Year after year, you can always count on the Northwest Folklife Festival—now in its 43rd year—to deliver something interesting. No, it’s not as trendy as Sasquatch!, as hardcore as Rain Fest, or as DIY as Spokane’s Volume Fest (which will culminate not this weekend, but on May 30–31); but Folklife, with its scarf dancers (here’s looking at you, Boe Odissey), ethnic tunes, and laid-back, family-friendly vibes offers something those fests don’t: a celebration, free for one and all, of what makes Seattle the progressive, arts-centered—and yes, diverse—community we’re proud to call home.

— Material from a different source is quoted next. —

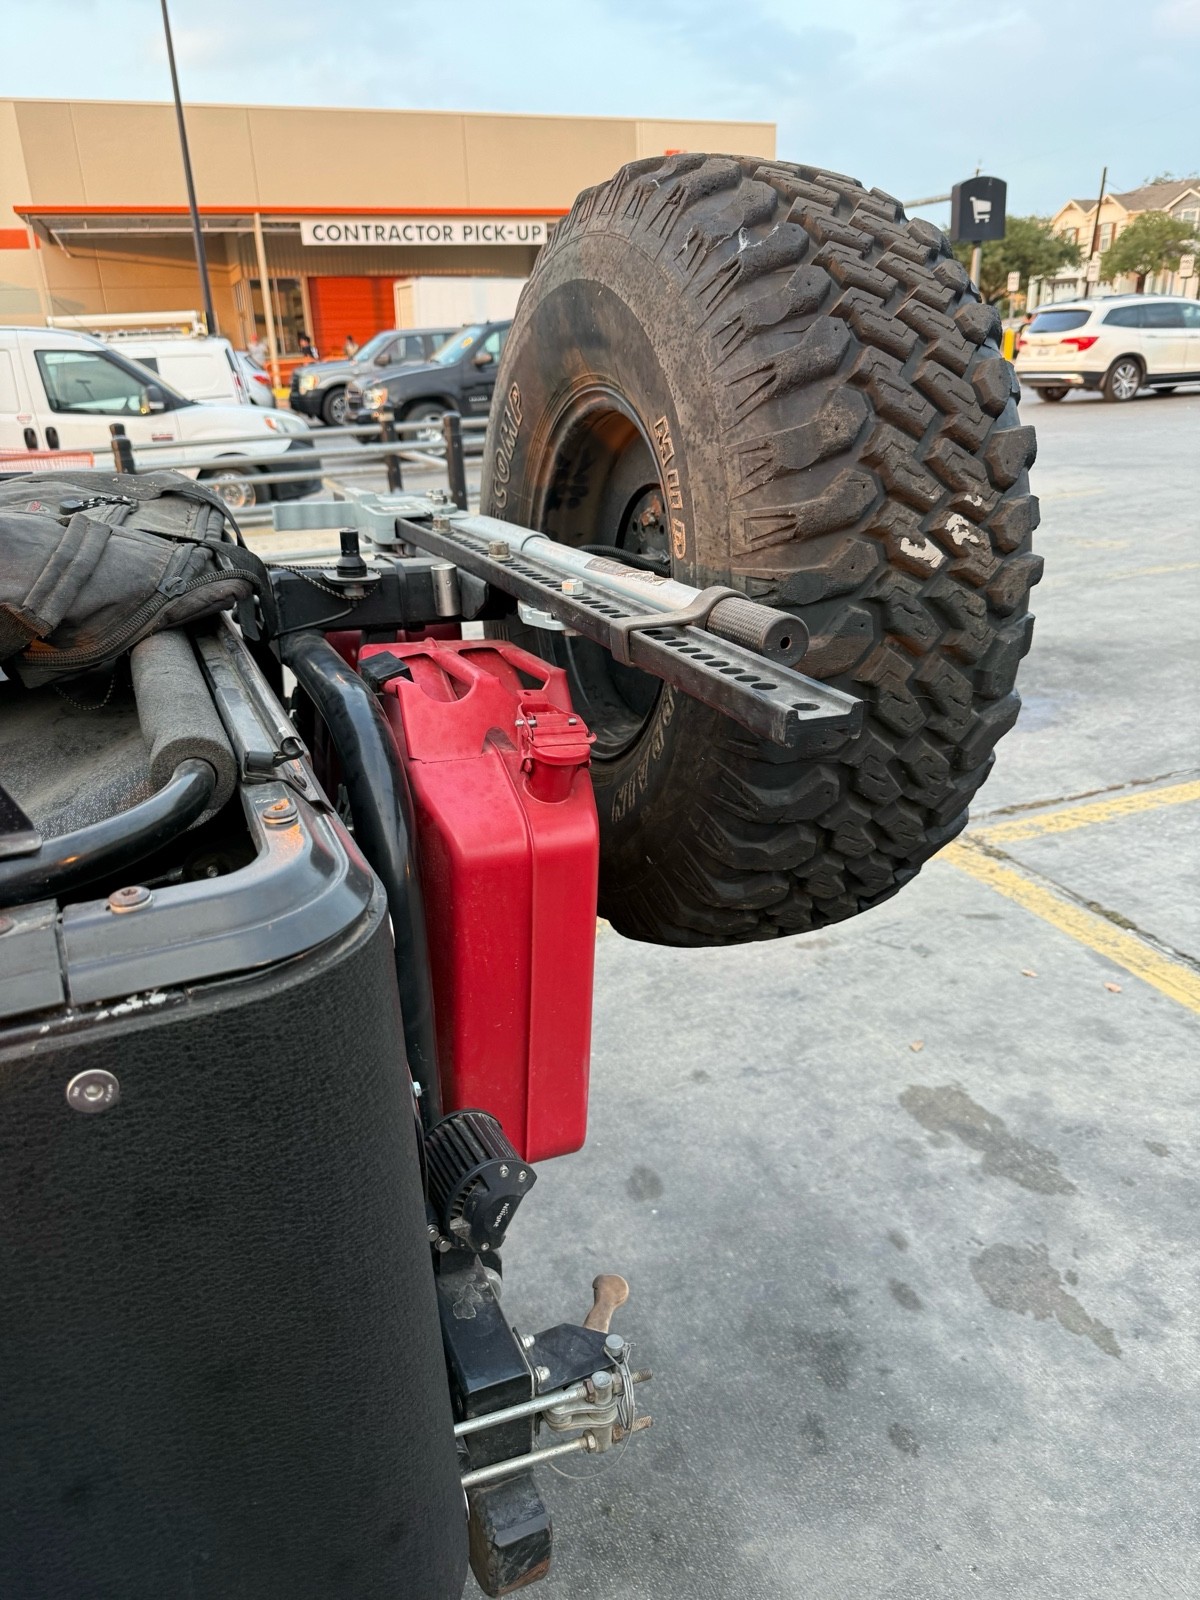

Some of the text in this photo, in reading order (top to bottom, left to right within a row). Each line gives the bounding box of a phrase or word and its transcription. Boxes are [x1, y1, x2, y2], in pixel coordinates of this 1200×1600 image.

[312, 224, 542, 242] CONTRACTOR PICK-UP
[493, 381, 524, 512] COMP
[653, 415, 687, 561] MUD

Its roots-oriented, mixed-bill programming is what inspires Mindie Lind, of local band Inly. Her group, a circus-folk six-piece featuring sultry, sister-close harmonies awash in wah-wah trumpet and noodly guitar, released its debut EP last month. The band plays the Vera Stage on Saturday, and Lind, who works in PR during the day, took a few moments to tell us about her thoughts on the fest, growing up in the church, and the Cripp-culture concept that lives in her band. (Read the full interview at seattleweekly.com/reverb.)
Tell me about yourself and your relationship to the Seattle music scene.

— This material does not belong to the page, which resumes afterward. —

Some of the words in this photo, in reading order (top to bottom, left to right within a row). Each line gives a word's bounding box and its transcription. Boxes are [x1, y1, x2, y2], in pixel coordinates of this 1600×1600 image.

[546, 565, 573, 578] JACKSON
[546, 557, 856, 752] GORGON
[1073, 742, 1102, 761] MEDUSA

Lind: I’m from Georgia, where I was raised. When I moved here I started to understand some of the music of the South, because it wasn’t saturated in the politics of the South, and I latched on to the Americana country scene out here. I grew up in the church; I was part of one of those families that went to church three times a week. I grew up in the choir, and I played French horn and was classically trained. But I spent a long time loving Jesus when actually I was falling in love with music. I sold the horn to move out here when I was 23. Now I’m 31, so it’s been about eight years.
How did you connect with your bandmates and Katie Blackstock? She complements your vocals with such close, pretty harmonies you’d think you’re related.

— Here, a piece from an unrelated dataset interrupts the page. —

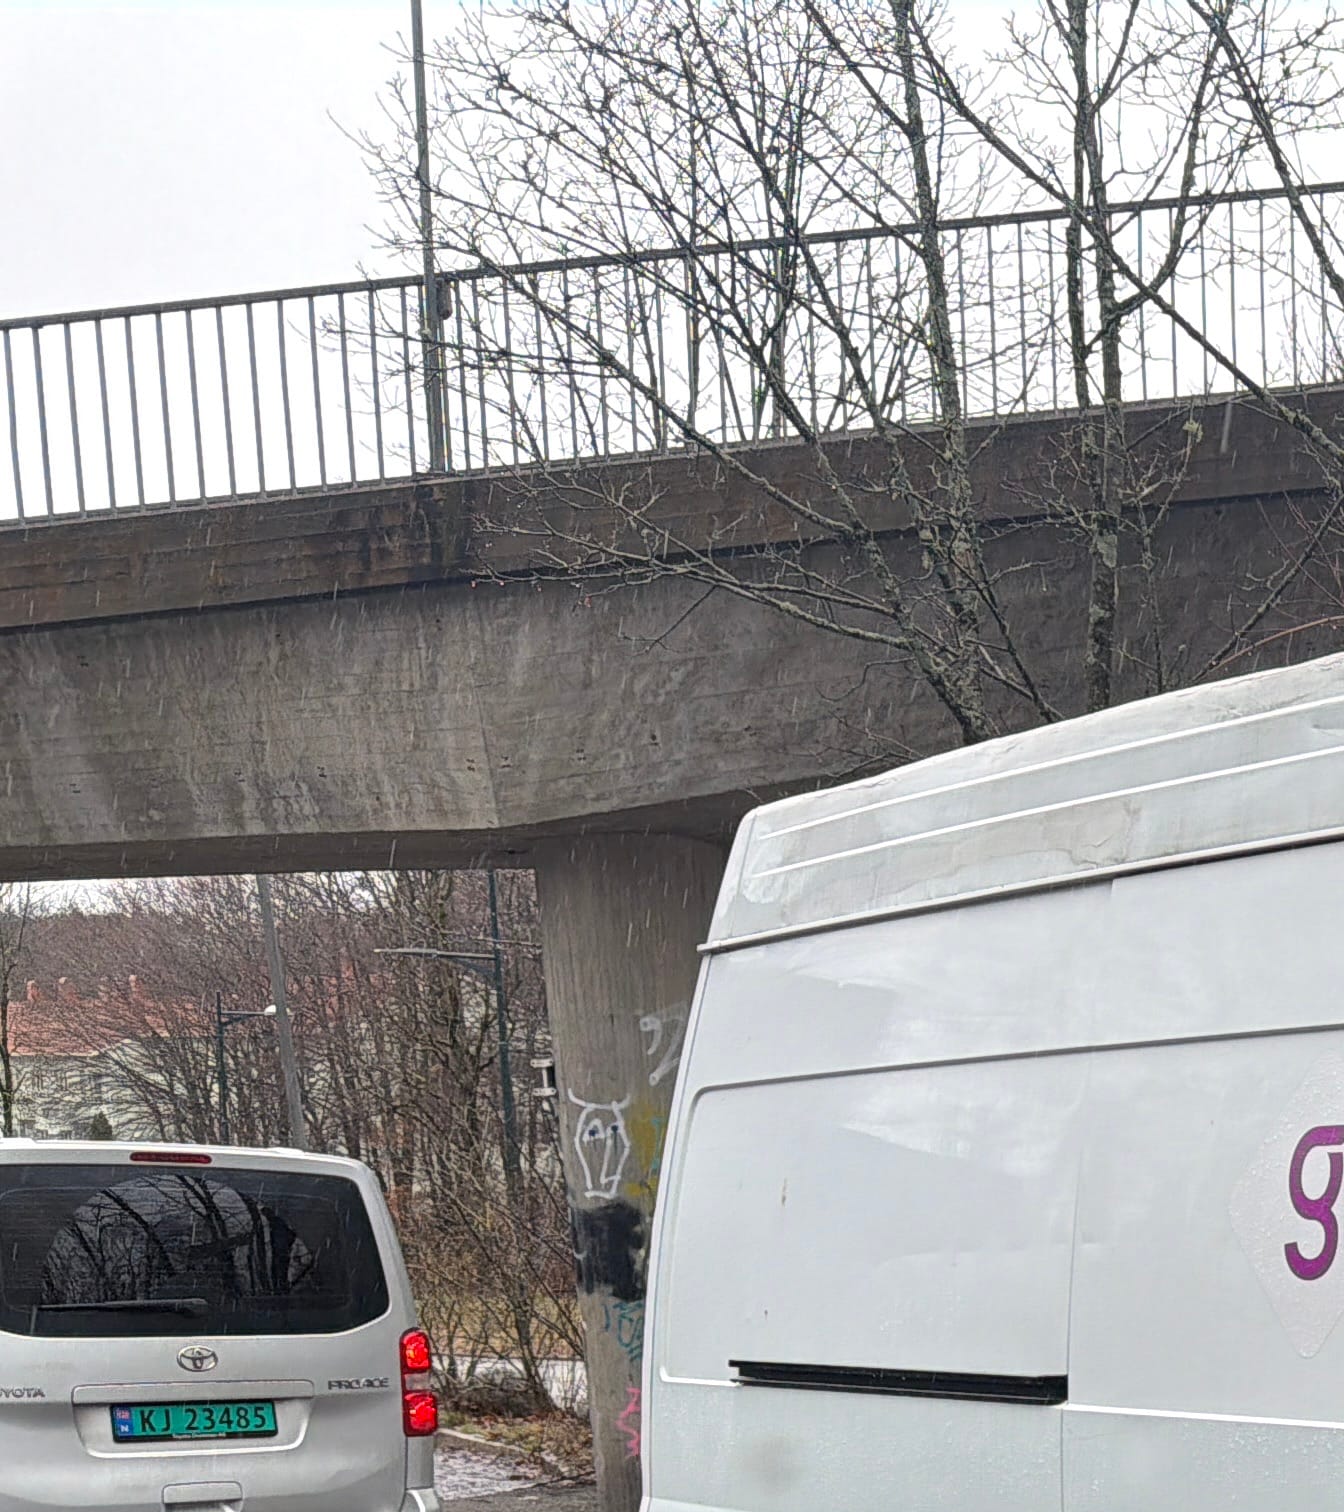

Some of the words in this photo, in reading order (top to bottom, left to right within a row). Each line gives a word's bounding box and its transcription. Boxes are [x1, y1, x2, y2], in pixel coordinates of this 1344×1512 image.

[0, 1387, 46, 1399] YOTA
[139, 1408, 172, 1433] KJ
[184, 1406, 267, 1431] 23485

I love that “sister harmonies” sound. I’ve been looking for someone to sing with who has that quality, someone told me about Katie, and I just messaged her. I think we were five minutes in, and it just worked. I love singing with Katie; she’s confident, easy, and she just knows where I’m going. Kieran [Harrison Buhlinger] is the guy behind that awesome guitar; we must have met at Cafe Racer. Kieran is in the band Corespondents, and we started talking about how we wanted to make music together. That’s how I met the other dudes in the band.
You said the video for “Mississippi Misfit” says a lot about your band—what did you mean by that?
For me, I have no legs. That song was a specific reference to “Cripp” [i.e., crippled] culture and Cripp identity. I don’t really like the word disability, and I’ve been looking around for a better one, like adaptability. It’s not about what you can’t do, but how you’re going to do it. Like me on the skateboard [in the video]. The problem with the word disability is that it’s a symbol that comes from our culture of help, and we were really trying to play on that symbol, that picture, to break that apart from icons of disabilities and talk about it in a way that includes sexuality, self-sufficiency, and artistry. The video is about Cripp-culture creativity and how it fits in our band.
How does Folklife fit in with that ethos?
The thing about Folklife is that it features so many kinds of music that are all related, but there’s a lot of branching out. There‘s traditional folk music, psych and roots-based music, and plugged-in reverb sounds. I’m excited to see so many bands. Corespondents, my favorite band in Seattle, is playing; Colt Kraft Band; Low Hums; there’s this guy Ethan Lawton, he plays this rootsy rocksteady sound, it’s the funnest, prettiest music. I like really diverse bills, and Folklife does a good job with that.